The question involved in this case is, not whether the debtor himself might bring an action against the trust company agreeing to pay his debt according to its terms, for a breach of contract, but whether a person claiming to be the creditor of such debtor has the right, on motion, to make the alleged debtor a party plaintiff suing for her use. Under the rule authorizing the use by one person of the name of another to enforce the rights of the former, certain equitable rights and interests of the usee may be protected; but this method of suit is not a complete substitute for an equitable proceeding to settle all equities and claims both between the creditor and his debtor and between him and the grantee from the debtor. Under former rulings of this court, the holder of the note can not bring a common-law action against the grantee of her debtor directly on the note, though she may have an equitable cause of action arising out of a conveyance and contract by the alleged debtor. We are aware that there are decisions of other courts not in accord with the decisions of this court. But we *709think it best to adhere to the former rulings, and hold that the original plaintiff did not have the right, by amendment, to strike her debtor as a party defendant and make him a nominal party plaintiff suing for her use.
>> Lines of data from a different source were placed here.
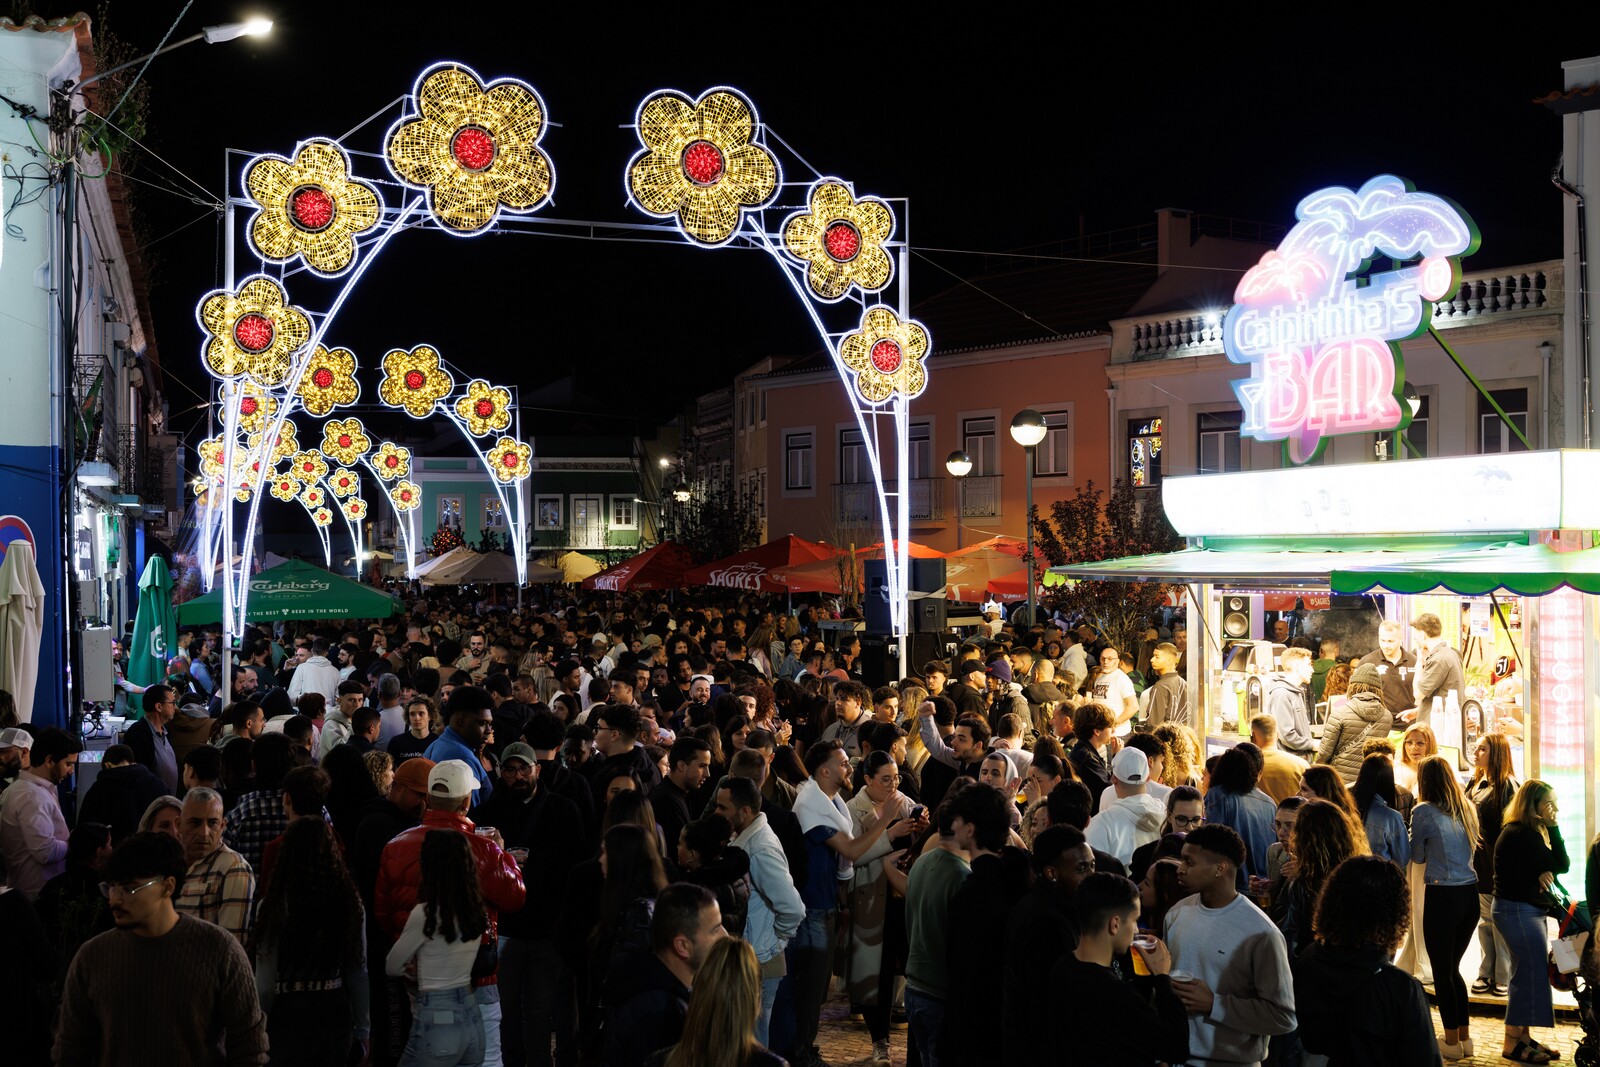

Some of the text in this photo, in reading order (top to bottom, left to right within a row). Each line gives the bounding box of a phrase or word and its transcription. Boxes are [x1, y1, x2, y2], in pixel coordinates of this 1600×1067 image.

[1265, 340, 1401, 433] BAR
[248, 579, 331, 594] Carlsberg
[593, 576, 619, 592] SAGRES
[707, 569, 767, 591] SAGRES
[1496, 657, 1508, 675] 51
It might be interesting as legal history, but would not be profitable in the decision of this ease, to consider the ancient action of account or debt based on the beneficial relation described in the jargon of the time by the term “al oeps,” the entrance into the discussion of privity of contract, and of consideration, the effect thereof on the rulings of courts, and the final division among the courts as to the right of a plaintiff in a case like that before us to recover at all against the grantee of his debtor, and, if so, whether it should be by action at law or by equitable proceedings. Neither is it necessary to deal with cases of technical trusts. For practical purposes the discussion in Sheppard v. Bridges, supra, as to an undertaking by a grantee to pay a debt of the grantor, will suffice.
3. There was no merit in the grounds of the demurrer that the Union City Bealty & Trust Company was not shown to have undertaken or assumed to pay the debt, and that the recital in the deed from Harris to it was not a contract which bound it. .When it received the deed from Harris containing this covenant, and took possession of the property conveyed, it became bound to him by such covenant. Kytle v. Kytle, 128 Ga. 387 (57 S. E. 748); 2 Devlin on Deeds, § 940a; 7 Am. & Eng. Enc. Law (2d ed.), 142.
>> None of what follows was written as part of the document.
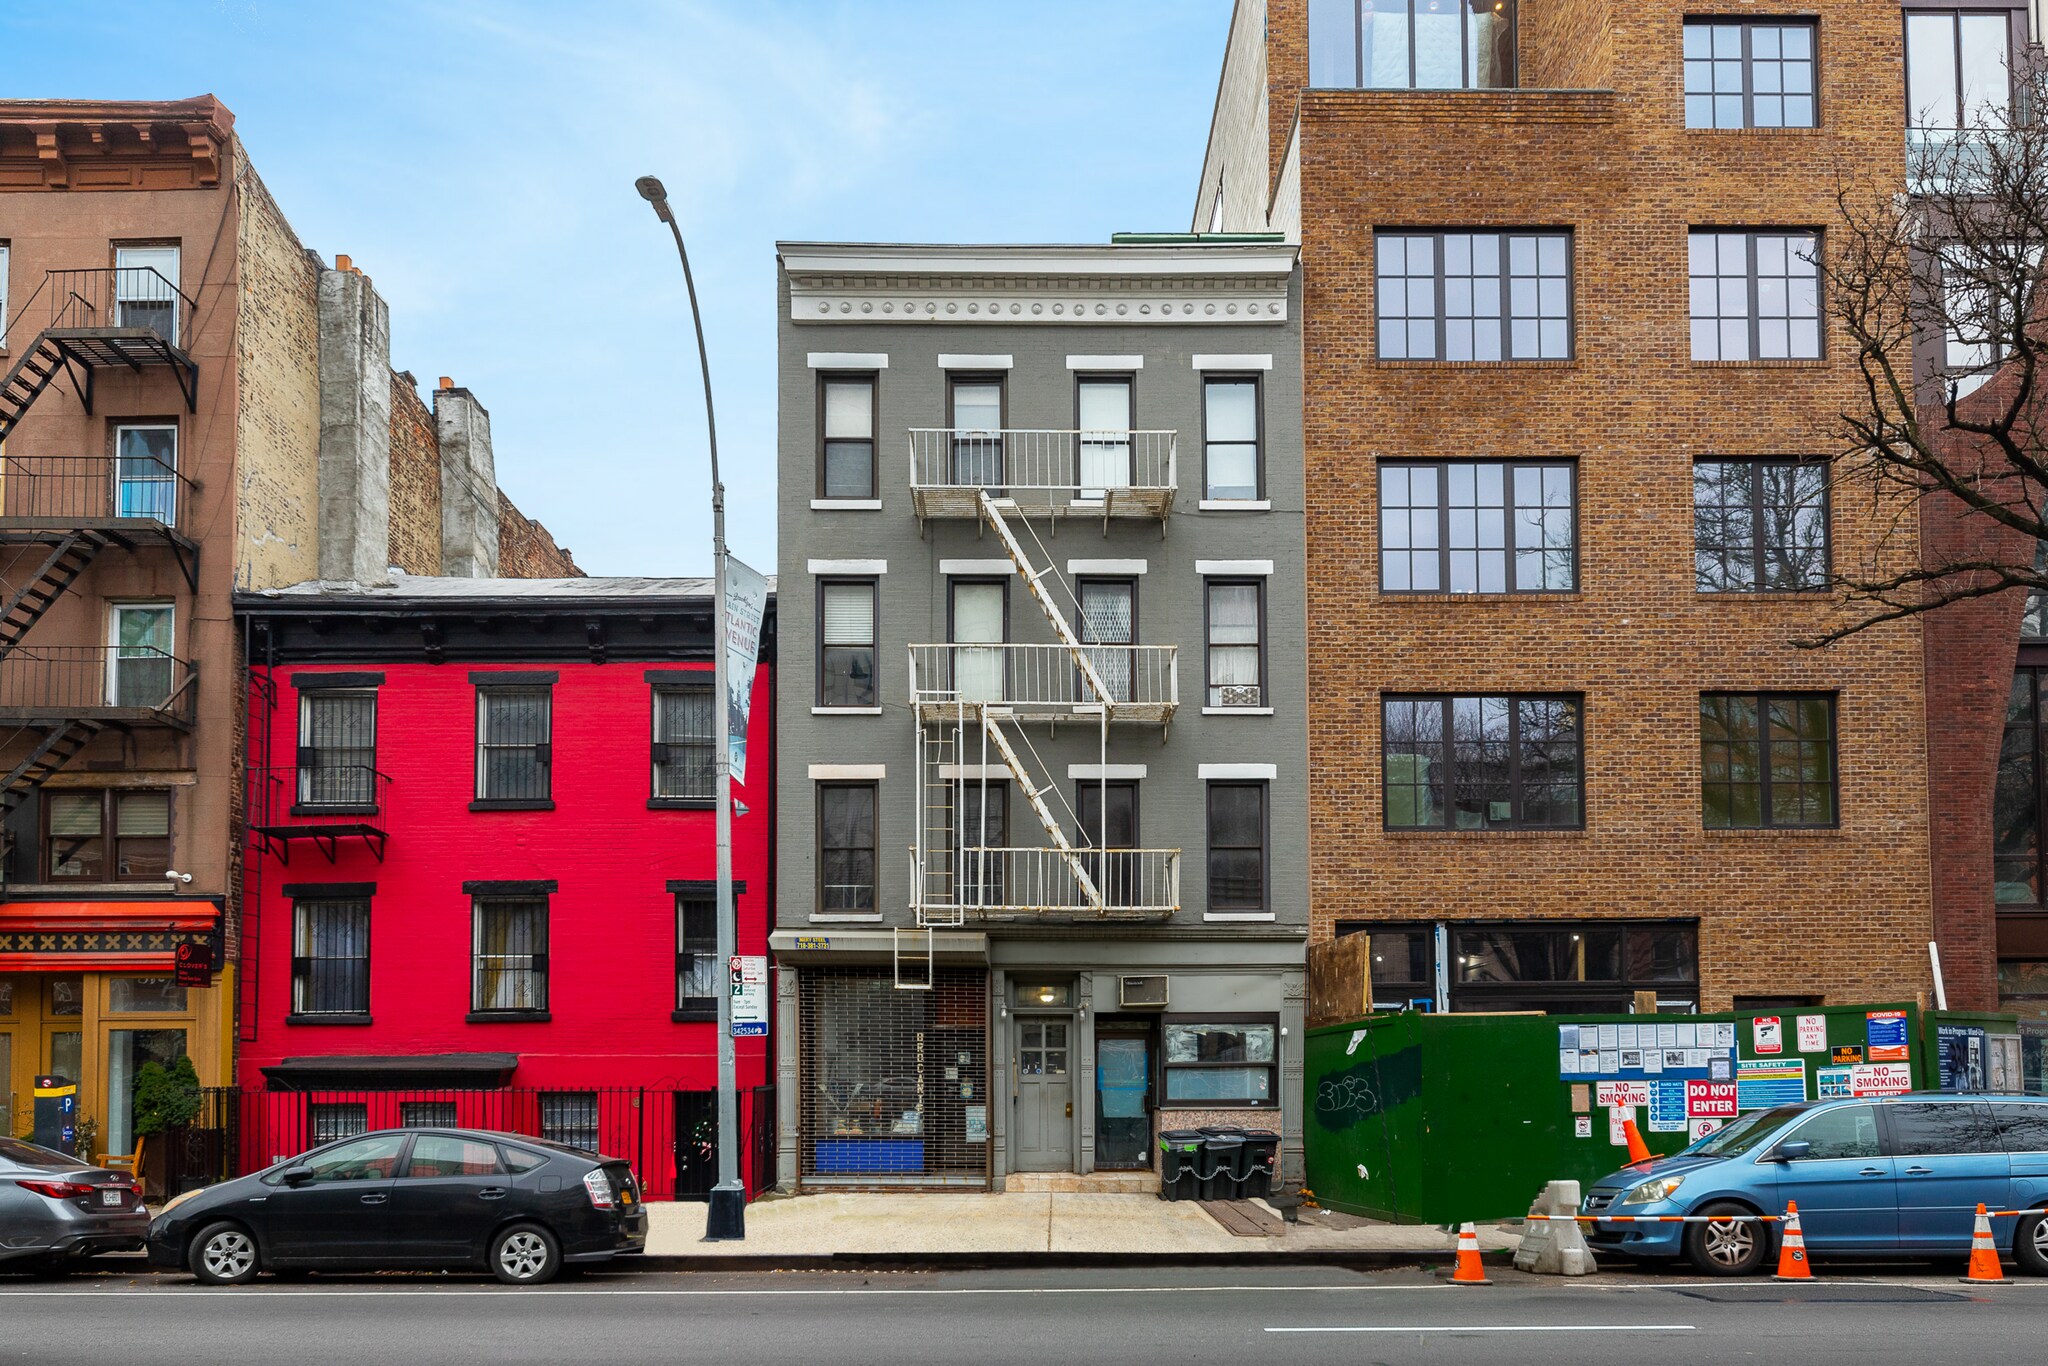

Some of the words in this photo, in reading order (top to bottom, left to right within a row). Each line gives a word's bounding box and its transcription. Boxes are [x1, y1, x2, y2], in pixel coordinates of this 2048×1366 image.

The conveyance contained this provision: “I also convey my subscription of four thousand ($4,000) dollars of stock in the Union City Brick Company, which the company agrees to pay for according to my contract.” The grantee received the property conveyed. This made an agreement between the parties to the instrument that the company, the grantee, would pay for the stock subscription according to the contract of Harris. The allegations show that a promissory note was given to the brick company by Harris, and was by it indorsed to Mrs. Wright; and this had occurred before the making of the deed. To pay in accordance with the contract included payment in accordance with the note.
4. No judgment was sought against the brick company, and it was not necessary that it should be made a party.
5. The other grounds of demurrer were without merit.
Judgment reversed.
All the Justices concur.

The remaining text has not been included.